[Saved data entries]
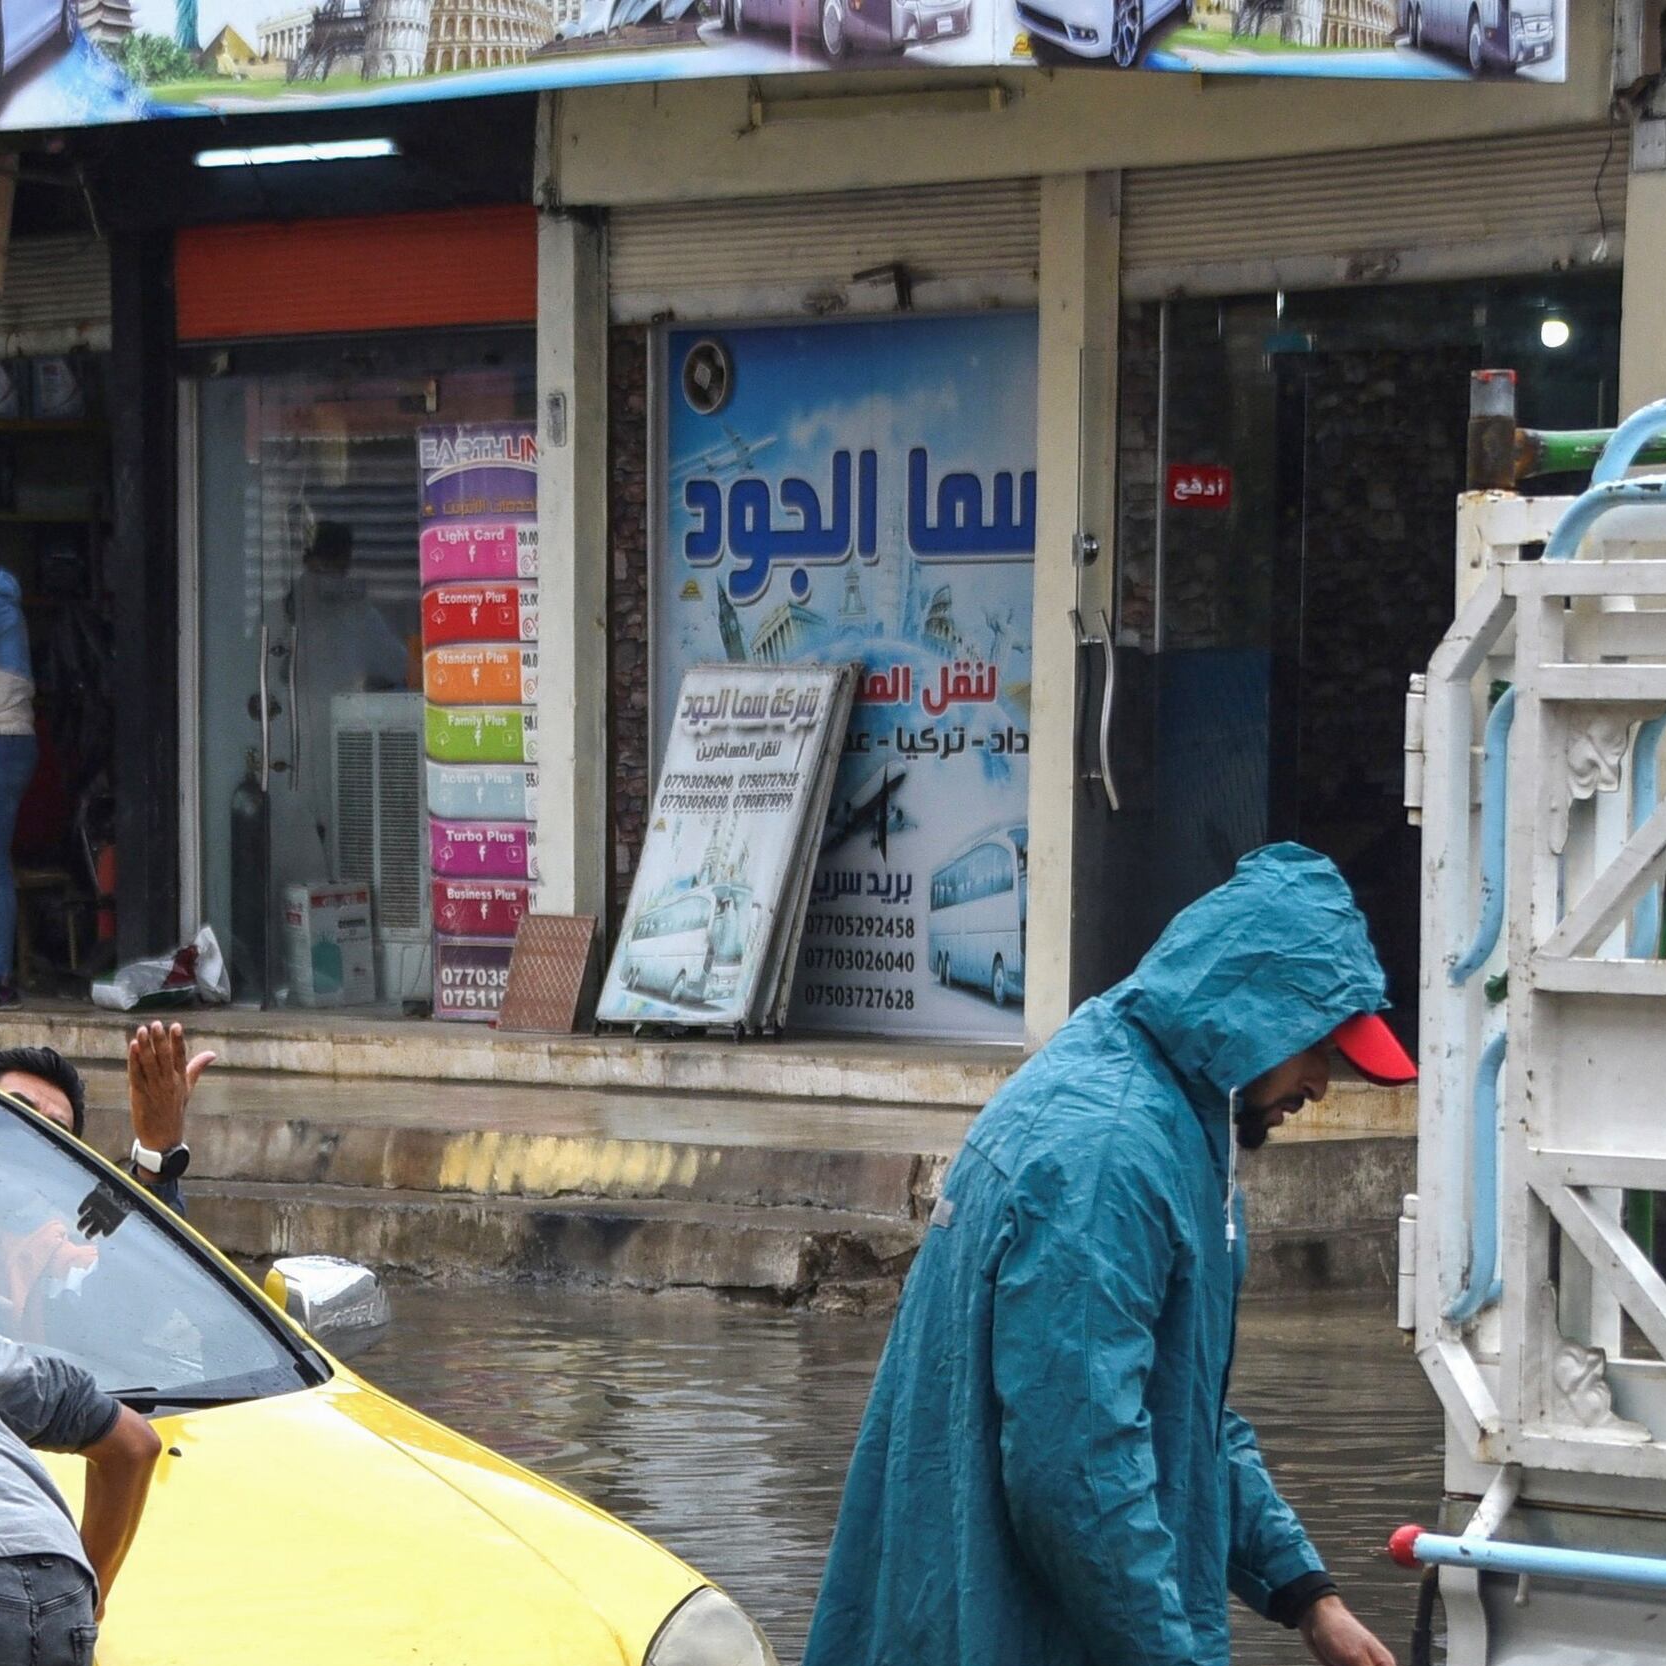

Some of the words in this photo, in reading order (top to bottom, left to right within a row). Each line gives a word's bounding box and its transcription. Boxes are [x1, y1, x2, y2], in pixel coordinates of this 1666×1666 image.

[438, 530, 470, 544] Light
[474, 528, 505, 541] Card
[684, 449, 878, 600] الجود
[438, 592, 483, 607] Economy
[486, 591, 507, 604] Plus
[436, 651, 483, 665] Standard
[486, 651, 508, 665] Plus
[923, 661, 997, 716] لنقل
[682, 689, 730, 726] الجود
[731, 689, 769, 720] سما
[770, 687, 822, 723] شركة
[448, 714, 482, 729] Family
[484, 714, 508, 727] Plus
[696, 742, 755, 762] المسافرين
[755, 741, 781, 761] لنقل
[896, 727, 965, 760] تركيا
[440, 772, 481, 784] Active
[484, 773, 512, 785] Plus
[446, 830, 483, 843] Turbo
[487, 830, 516, 843] Plus
[446, 888, 492, 901] Business
[495, 888, 517, 901] Plus
[811, 872, 861, 902] سري
[867, 873, 913, 904] بريد
[806, 915, 915, 938] 07705292458
[805, 949, 915, 972] 07703026040
[805, 985, 915, 1010] 07503727628

**Exercise goal**
Give all entries again verbatim, without any images.

**Written reply**
Some of the words in this photo, in reading order (top to bottom, left to right within a row). Each line gives a word's bounding box and its transcription. Boxes are [x1, y1, x2, y2], in pixel coordinates of this 1666×1666 image.

[438, 530, 470, 544] Light
[474, 528, 505, 541] Card
[684, 449, 878, 600] الجود
[438, 592, 483, 607] Economy
[486, 591, 507, 604] Plus
[436, 651, 483, 665] Standard
[486, 651, 508, 665] Plus
[923, 661, 997, 716] لنقل
[682, 689, 730, 726] الجود
[731, 689, 769, 720] سما
[770, 687, 822, 723] شركة
[448, 714, 482, 729] Family
[484, 714, 508, 727] Plus
[696, 742, 755, 762] المسافرين
[755, 741, 781, 761] لنقل
[896, 727, 965, 760] تركيا
[440, 772, 481, 784] Active
[484, 773, 512, 785] Plus
[446, 830, 483, 843] Turbo
[487, 830, 516, 843] Plus
[446, 888, 492, 901] Business
[495, 888, 517, 901] Plus
[811, 872, 861, 902] سري
[867, 873, 913, 904] بريد
[806, 915, 915, 938] 07705292458
[805, 949, 915, 972] 07703026040
[805, 985, 915, 1010] 07503727628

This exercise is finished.